◆ **About this task**
The entries that follow should be repeated exactly, with no pictures kept.

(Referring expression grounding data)
_ _ _

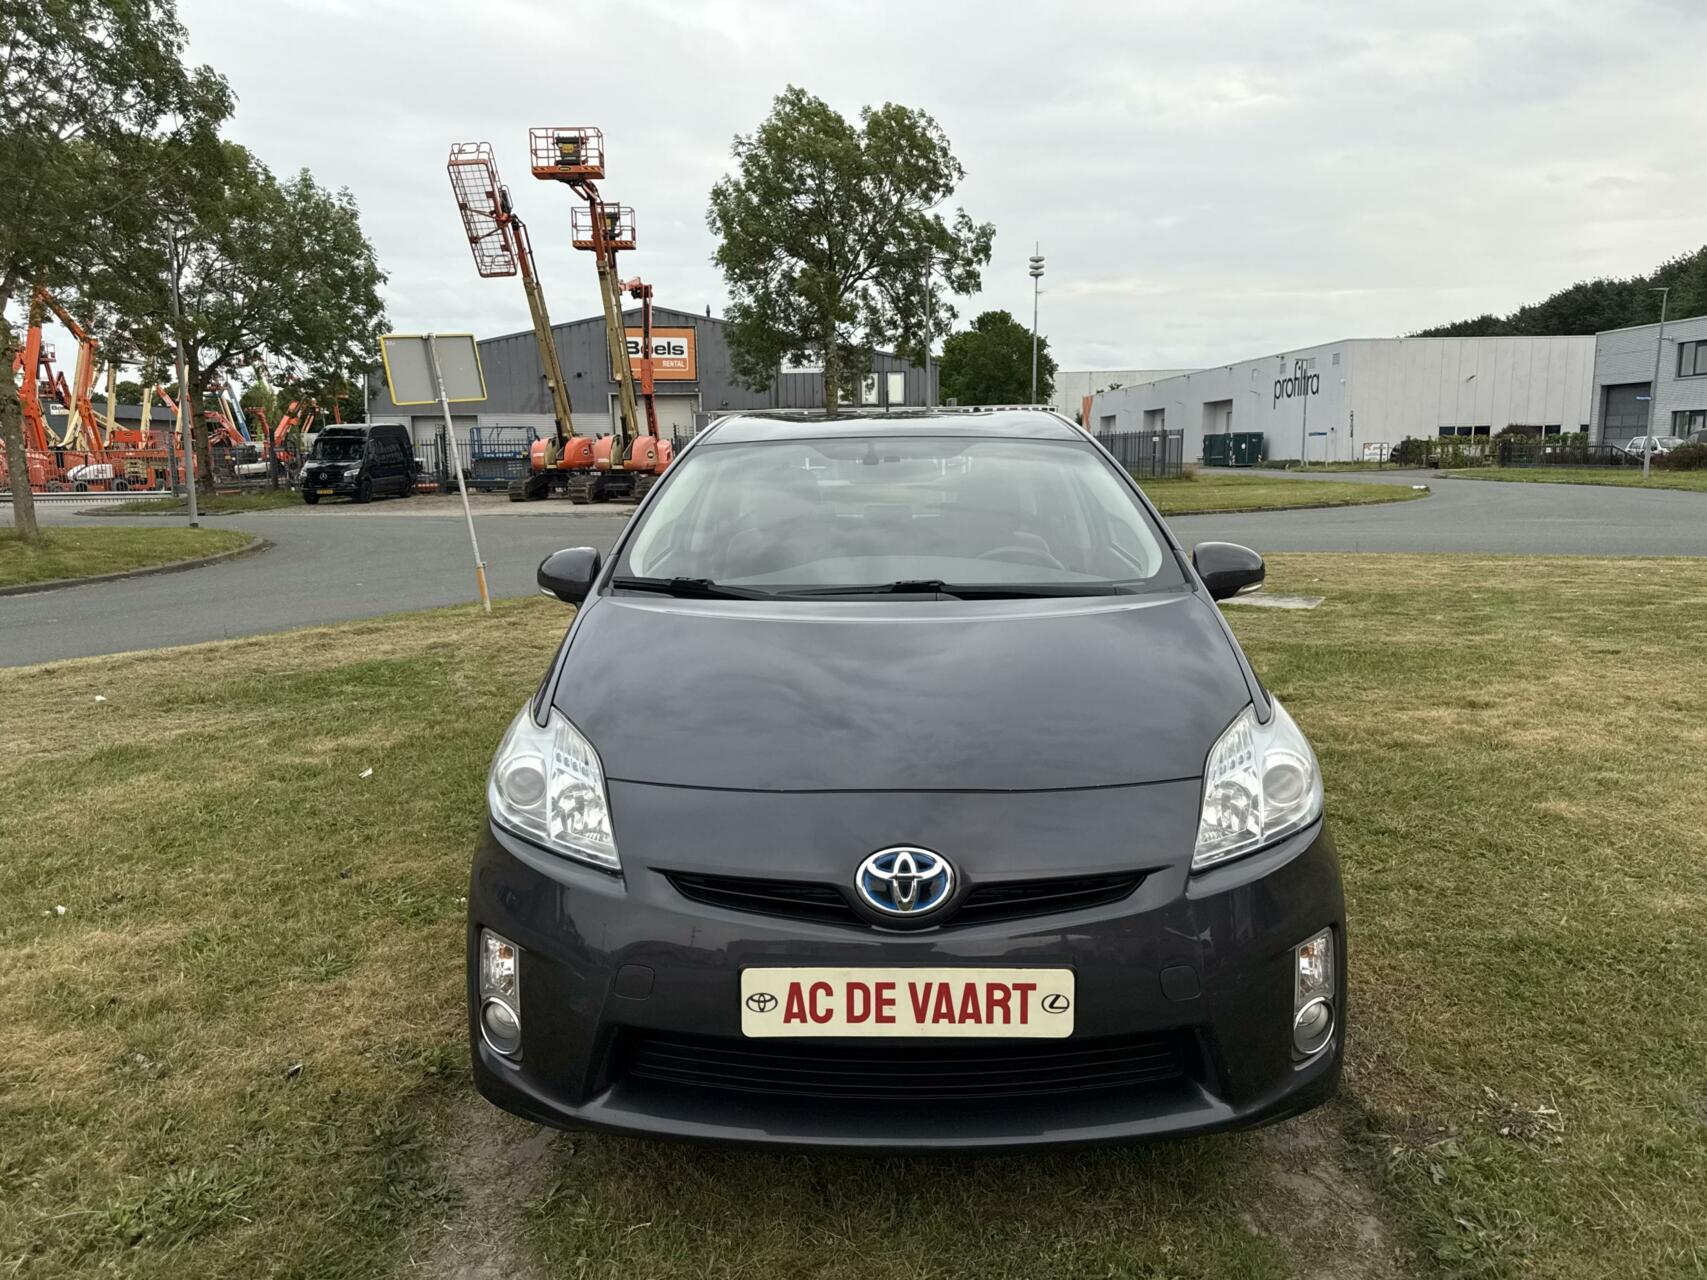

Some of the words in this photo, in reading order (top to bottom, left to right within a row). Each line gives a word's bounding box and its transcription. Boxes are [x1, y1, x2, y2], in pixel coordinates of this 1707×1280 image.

[662, 359, 685, 368] RENTAL
[1273, 360, 1320, 410] profiltra
[783, 981, 834, 1024] AC
[845, 981, 896, 1024] DE
[907, 982, 1037, 1025] VAART

_ _ _

◆ **Result**
Some of the words in this photo, in reading order (top to bottom, left to right within a row). Each line gives a word's bounding box and its transcription. Boxes are [x1, y1, x2, y2], in pixel coordinates of this 1707×1280 image.

[662, 359, 685, 368] RENTAL
[1273, 360, 1320, 410] profiltra
[783, 981, 834, 1024] AC
[845, 981, 896, 1024] DE
[907, 982, 1037, 1025] VAART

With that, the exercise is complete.